O efeito da interrupção da prescrição concretiza-se na inutilização do tempo que já correu desde que se iniciou a contagem do prazo, até que se verifica o facto interruptivo.
Verificada a causa interruptiva inicia-se a contagem do prazo, não se aproveitando o tempo anteriormente decorrido (artigo 121.º, n.º 2, do Código Penal, ex vi artigo 32.º do RGCO).
No processo 437/2022 está em causa a prática pela recorrente de 1 infração prevista no n.º 3 do artigo 79.º da Portaria 273/2013 de 20 de agosto, p.p. pela al. d) do n.º 3 e al. a) do n.º 4 do artigo 59.º do REASP Lei n.º 34/2013, de 16 de Maio, com coima de 1 500 (euro) a 7 500 (euro), no caso das contraordenações leves.
O prazo prescricional aplicável é de 3 anos, nos termos da al. b) do artigo 27.º do RGCO.
A data dos factos imputados como infração remonta a 08.10.2021 (termo do prazo legalmente previsto para envio da documentação) data em que se iniciou a contagem do prazo prescricional. Em 10.12.2021 foi a recorrente notificada por carta registada com AR (fls. 6 e 7), nos termos do artigo 50.º do RGCO da instauração do competente processo de contraordenação, que interrompeu a contagem do prazo. A data da última diligência realizada foi 11.02.2022.
Tendo a decisão administrativa sido proferida em 19.07.2024 (fls. 16 a 30) e notificada à recorrente em 25.07.2024 por carta registada com aviso de receção (fls. 33 a 36) não se mostra transcorrido o respetivo prazo prescricional do procedimento.
No processo 1127/2022 está em causa a prática pela recorrente de 2 infrações por violação do disposto nas alíneas b) e c) do nº 1 do artigo 77º da Portaria 273/2013 de 20/08 por não fazer constar nos contratos de formação dos formandos, o numero da apólice do seguro de acidentes pessoais e o valor/custo das ações de formação, o que consubstancia a prática de uma contraordenação leve, nos termos da alínea aliena d) do nº 3 do artigo 59º do REASP, punível com coima no montante variável de € 1.500,00 a € 7.500,00, quando cometida por pessoas coletivas, de acordo com a alínea a) do n.º 4 do mesmo artigo 59.º, todos do referido REASP.
Neste caso o prazo prescricional aplicável é de 3 anos, nos termos da al. b) do artigo 27.º do RGCO.
A data dos factos imputados como infração remonta a 23.02.2022 data em que se iniciou a contagem do prazo prescricional.
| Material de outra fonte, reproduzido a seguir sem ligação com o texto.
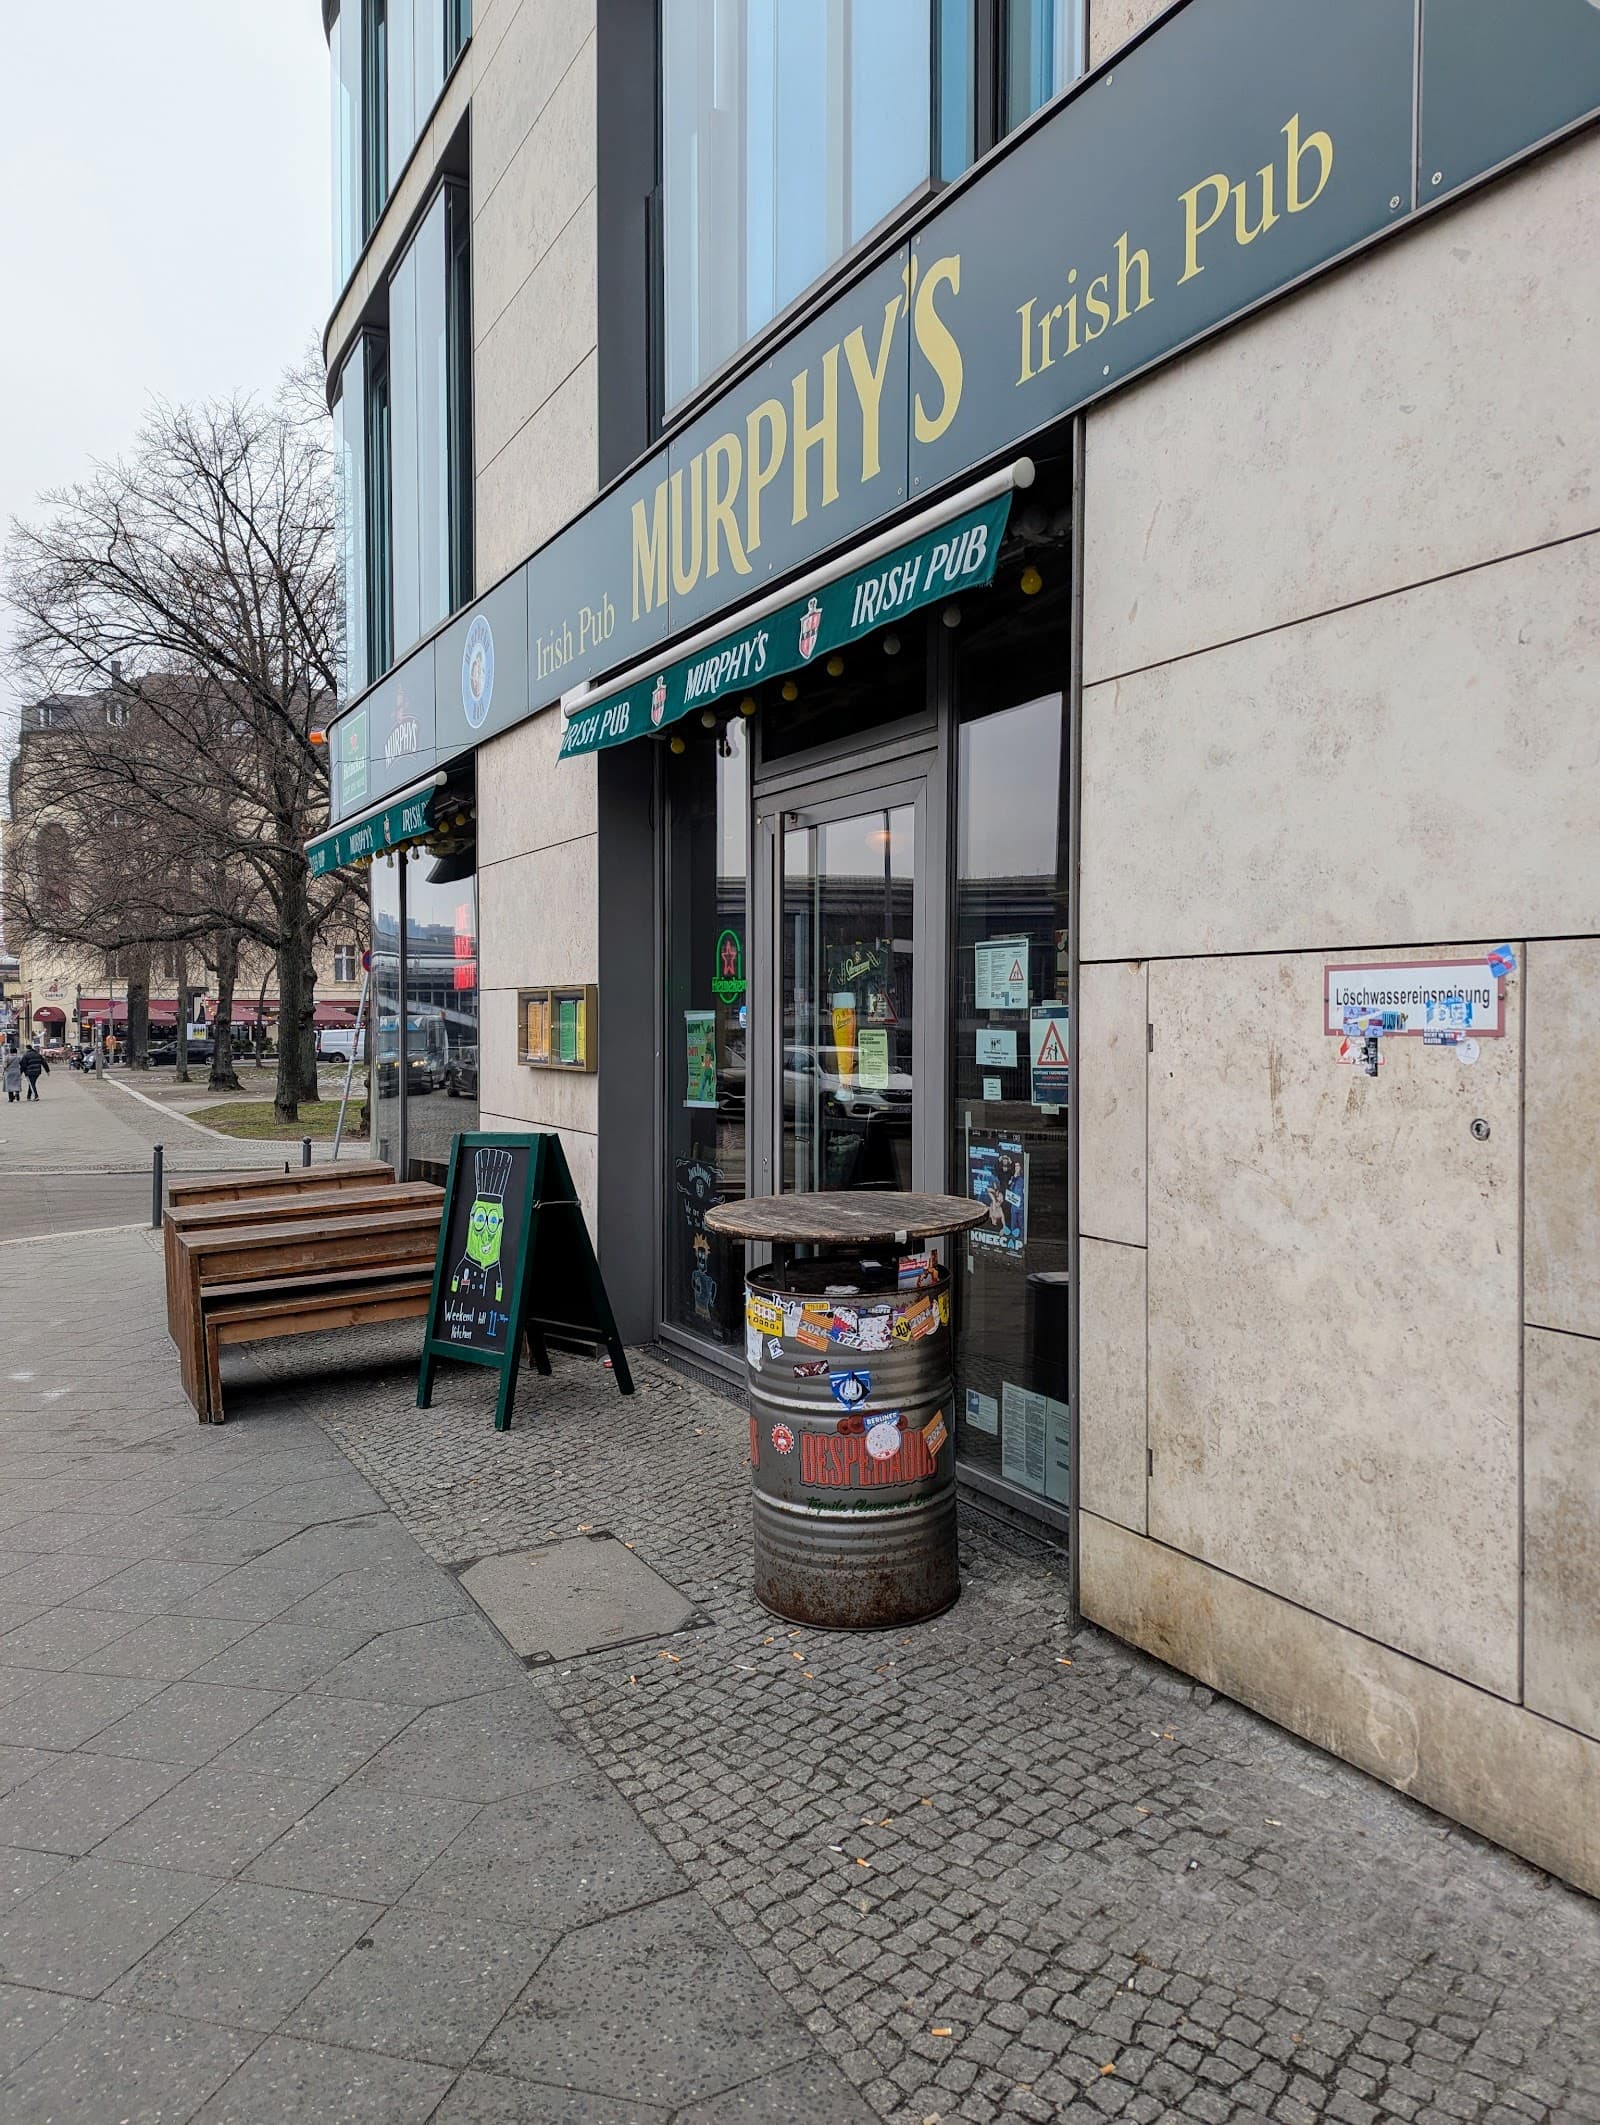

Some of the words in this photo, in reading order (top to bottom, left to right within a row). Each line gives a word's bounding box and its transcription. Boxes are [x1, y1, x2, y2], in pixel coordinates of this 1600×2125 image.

[1015, 231, 1155, 387] Irish
[1176, 113, 1334, 286] Pub
[631, 253, 963, 622] MURPHY'S
[851, 556, 922, 627] IRISH
[926, 525, 987, 590] PUB
[536, 617, 574, 681] Irish
[578, 592, 615, 656] Pub
[684, 629, 768, 703] MURPHY'S
[599, 702, 630, 740] PUB
[1336, 984, 1491, 1009] Löschwassereinspeisung
[970, 1230, 1024, 1251] KNEECAP
[444, 1299, 475, 1323] Weekend
Em 09.05.2022 foi a recorrente notificada por carta registada com AR (fls. 17 a 19), nos termos do artigo 50.º do RGCO da instauração do competente processo de contraordenação, que interrompeu a contagem do prazo. A última diligência teve lugar em 19.05.2022.
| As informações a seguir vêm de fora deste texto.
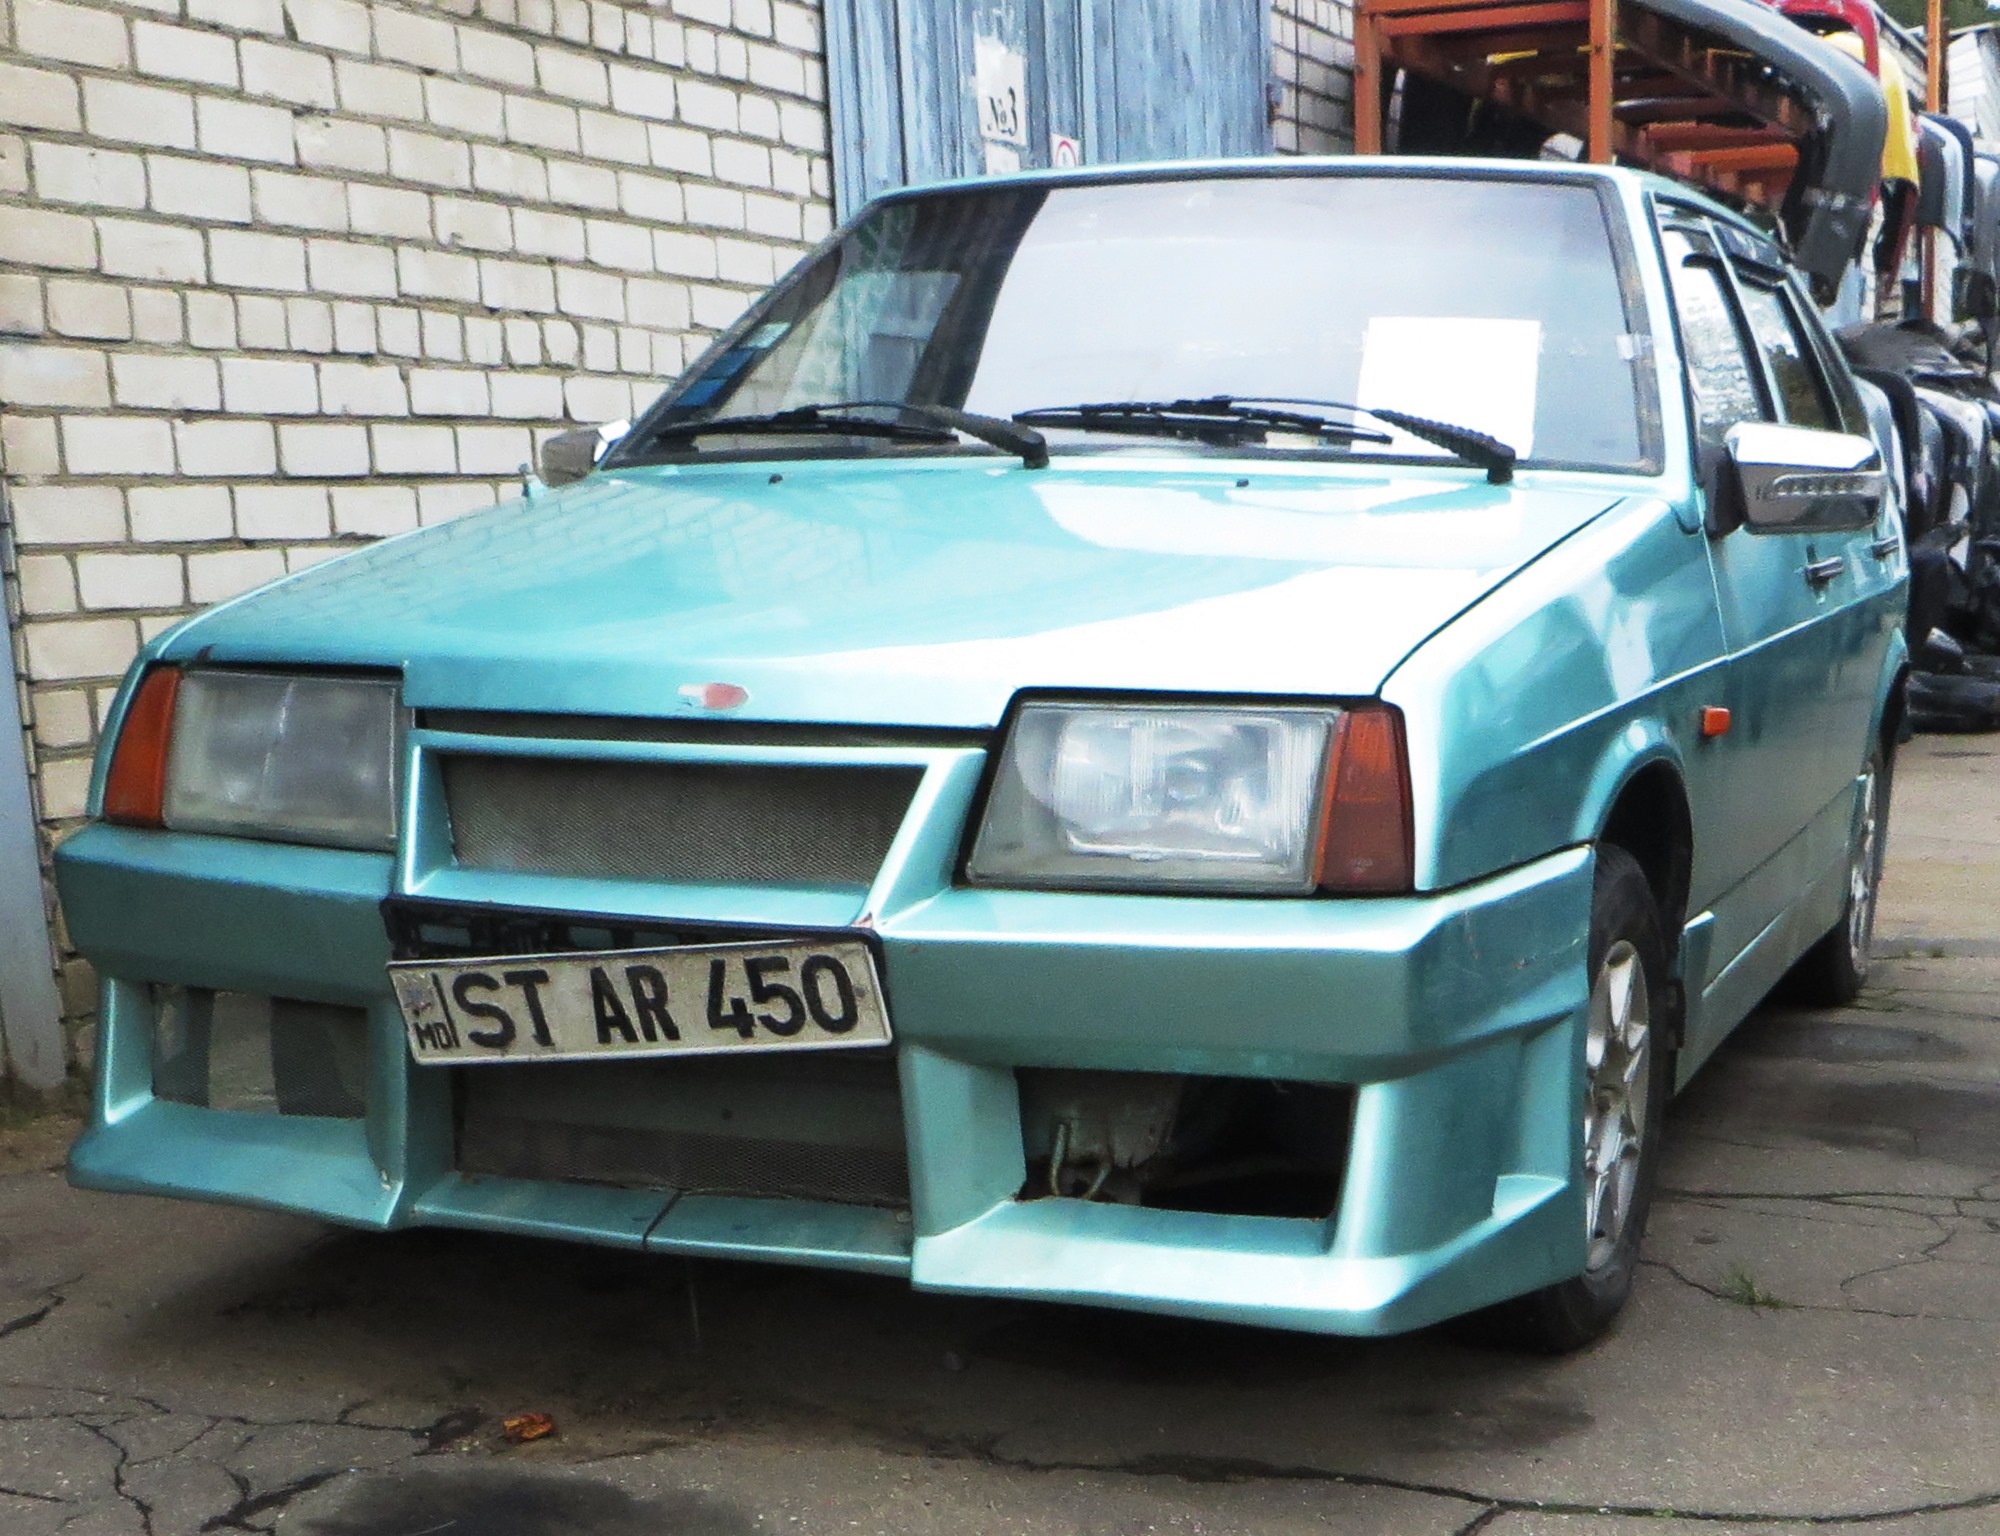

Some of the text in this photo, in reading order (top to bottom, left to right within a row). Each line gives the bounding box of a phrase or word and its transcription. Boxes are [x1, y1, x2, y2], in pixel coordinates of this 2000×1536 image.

[451, 954, 860, 1048] ST AR 450
Tendo a decisão administrativa sido proferida em 19.07.2024 (fls. 16 a 30) e notificada à recorrente em 25.07.2024 por carta registada com aviso de receção (fls. 33 a 36) não se mostra transcorrido o respetivo prazo prescricional do procedimento.
No processo 1583/2022 está em causa a prática pela recorrente de 1 infração por violação do disposto na alínea b) do nº 1 do artigo 77º da Portaria 273/2013 de 20/08 por não fazer constar nos contratos de formação dos formandos, o valor/custo das ações de formação, o que consubstancia a prática de uma contraordenação leve, nos termos da alínea aliena d) do nº 3 do artigo 59º do REASP, punível com coima no montante variável de € 1500,00 a € 7500,00, quando cometida por pessoas coletivas, de acordo com a alínea a) do n.º 4 do mesmo artigo 59.º, todos do referido REASP.
Neste caso o prazo prescricional aplicável é de 3 anos, nos termos da al. b) do artigo 27.º do RGCO.
A data dos factos imputados como infração remonta a 27.04.2022 data em que se iniciou a contagem do prazo prescricional. Em 01.07.2022 foi a recorrente notificada por carta registada com AR (fls. 15 e 16), nos termos do artigo 50.º do RGCO da instauração do competente processo de contraordenação, que interrompeu a contagem do prazo. A última diligência ocorreu em 05.07.2022.
Tendo a decisão administrativa sido proferida em 19.07.2024 (fls. 16 a 30) e notificada à recorrente em 25.07.2024 por carta registada com aviso de receção (fls. 33 a 36) não se mostra transcorrido o respetivo prazo prescricional.
No processo 2426/2023 está em causa a prática pela recorrente de 1 infração por violação do disposto na alínea g) do nº 2 do artigo 37º do REASP, por não ter disponível, aquando da ação de fiscalização, os originais da documentação passível de verificação em ação inspetiva, no caso os dossiers pedagógicos, o que consubstancia a prática de uma contraordenação grave, nos termos da alínea n) do nº 2 do artigo 59º, punível com coima no montante variável de € 7 500,00 a € 37 500,00, quando cometida por pessoas coletivas, de acordo com a alínea b) do n.º 4 do mesmo artigo 59.º, todos do referido REASP.
Neste caso o prazo prescricional aplicável é de 3 anos, nos termos da al. b) do artigo 27.º do RGCO.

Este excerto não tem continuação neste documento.